Este martes María Antonia regresó puntualmente al Templete, el sitio que, como muchos habaneros, visita año tras año cada 16 de noviembre “llueva, truene o relampaguee”. Llegó junto a una sobrina desde Marianao ―donde vive―, porque su hija tenía que trabajar y no podía acompañarla como otras veces.
“Ella no quería que viniera, no fuera a haber problemas en la calle, pero yo no podía dejar de cumplir con la ceiba y pedirle mis deseos”, dice la mujer de 76 años, de voz y andar firmes todavía. “Antes”, me cuenta, vivía más cerca, en el barrio de Los Sitios y venía caminando sola o con su esposo, pero desde que enviudó hace unos años se mudó con su hija y depende del transporte público para venir hasta la Habana Vieja.

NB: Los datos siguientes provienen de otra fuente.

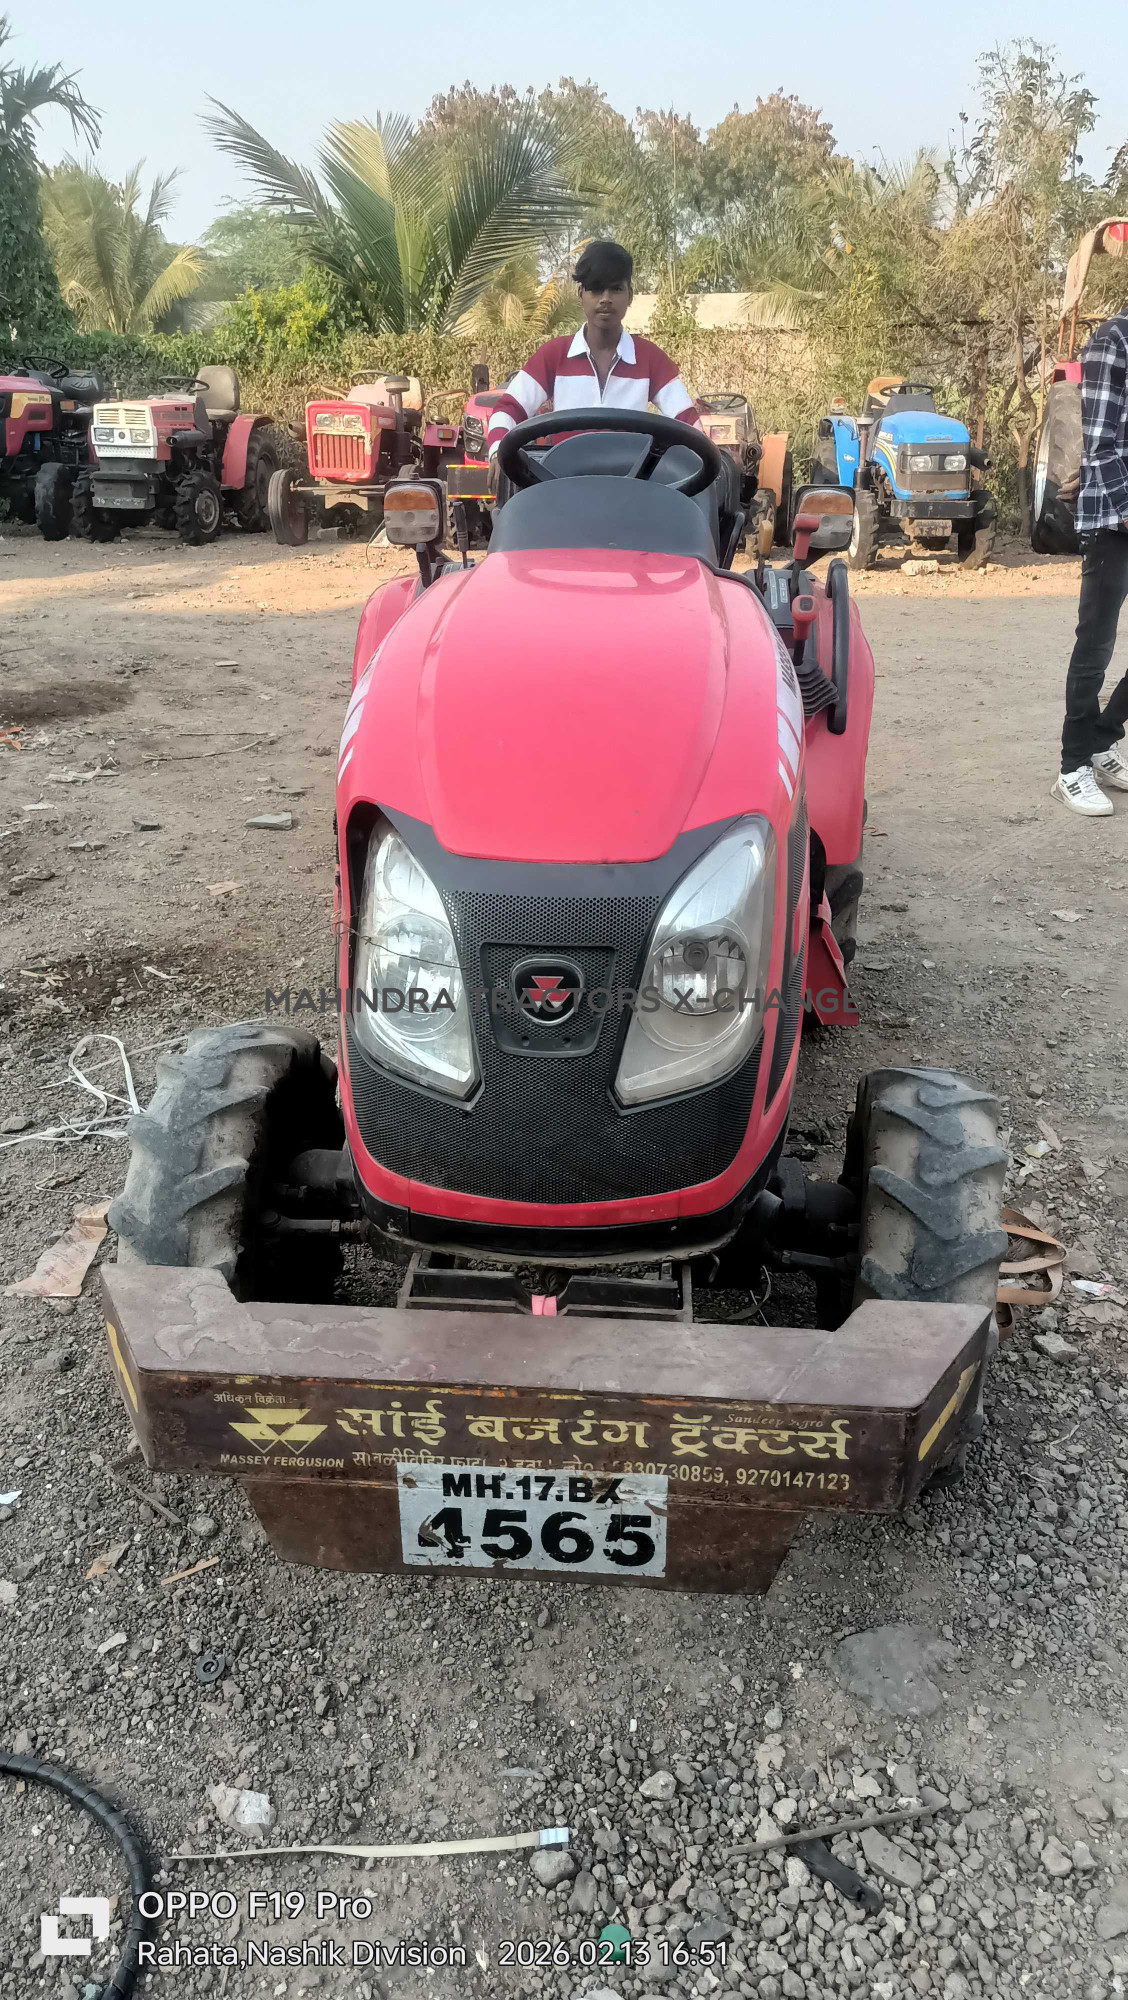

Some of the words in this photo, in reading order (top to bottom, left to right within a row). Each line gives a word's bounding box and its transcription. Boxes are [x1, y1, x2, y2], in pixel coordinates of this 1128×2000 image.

[465, 1409, 651, 1448] बजरंग
[724, 1413, 784, 1428] Sandeep
[220, 1454, 270, 1466] MASSEY
[274, 1456, 345, 1468] FERGUSION
[736, 1468, 850, 1491] 9270147123
[417, 1507, 656, 1567] 4565

Como ella, decenas de personas iban llegando sobre las 10:00 de la mañana a los alrededores de la Plaza de Armas y poniéndose en fila a un costado del Templete, la edificación que conmemora la fundación de La Habana en 1519. Allí, donde la noche previa se realizó la ceremonia oficial por los 502 años de la otrora villa de San Cristóbal, las personas esperaban ahora tranquilas, mayormente en silencio, por su turno para darle tres vueltas a la ceiba que allí se levanta en recuerdo del árbol fundacional.
Llegado el momento, autorizados por los trabajadores del lugar, los visitantes realizaban sus giros, con una mano en el tronco joven de la ceiba, y dejaban caer o depositaban directamente algunas monedas y billetes en sus raíces, mientras pedían los deseos que los impulsaron hasta allí. Así lo hicieron María Antonia y su sobrina Eliza, quienes, a diferencia de otros asistentes, no besaron el árbol ni le dieron un móvil a alguien para que las filmara o tomara fotos mientras cumplían con el ritual legendario.

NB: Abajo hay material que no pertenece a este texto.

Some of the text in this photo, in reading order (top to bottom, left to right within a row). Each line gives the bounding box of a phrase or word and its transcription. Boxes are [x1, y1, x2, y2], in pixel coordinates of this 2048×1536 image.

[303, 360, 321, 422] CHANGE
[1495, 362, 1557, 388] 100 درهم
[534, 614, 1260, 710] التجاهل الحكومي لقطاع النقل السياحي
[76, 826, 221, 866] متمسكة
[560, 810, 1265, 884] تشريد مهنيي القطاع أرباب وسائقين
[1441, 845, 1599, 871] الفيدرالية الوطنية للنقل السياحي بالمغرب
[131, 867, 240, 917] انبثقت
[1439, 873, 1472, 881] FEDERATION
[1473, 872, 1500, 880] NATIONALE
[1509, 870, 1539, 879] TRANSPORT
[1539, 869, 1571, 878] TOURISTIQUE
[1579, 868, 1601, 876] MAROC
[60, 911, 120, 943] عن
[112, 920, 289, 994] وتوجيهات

“Eso no es importante, lo importante es lo que uno pide y la fe con que lo hace”, afirma la anciana, quien, contraria a cierta creencia popular, no tiene reparos en comentarme sobre sus deseos. “Pedí para mi familia, salud y fuerza, para mi hija que se pasa todo el día trabajando, y mi nieta, que vive en Francia y que, por suerte, no ha estado aquí con esto de las protestas. Y también pedí para Cuba, para que la situación mejore y no se repitan las cosas feas que hemos tenido que vivir en los últimos tiempos.”

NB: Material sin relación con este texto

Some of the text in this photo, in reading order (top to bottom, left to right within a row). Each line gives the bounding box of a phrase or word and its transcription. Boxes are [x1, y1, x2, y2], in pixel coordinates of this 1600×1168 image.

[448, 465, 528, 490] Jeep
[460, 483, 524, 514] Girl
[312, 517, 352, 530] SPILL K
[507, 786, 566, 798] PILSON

“¿Y para usted no pidió?”, le pregunto sorprendido. “Ay, mijo ―me responde―, yo soy una vieja dura y quisiera poder ver esa mejoría. Pero no sé si el tiempo me va a alcanzar para eso. Me conformo con que mi hija pueda vivirla, y también mi sobrina y la gente más joven en general. Que puedan tener un futuro aquí, trabajando, y no estén peleándose unos contra otros, o pensando en irse del país para mejorar.”
“A lo mejor le estoy pidiendo demasiado a la ceiba ―añade―, pero quiero creer que no. Tengo fe en que no. Porque si de entrada no creemos que nuestros deseos pueden cumplirse, ¿de qué sirven entonces?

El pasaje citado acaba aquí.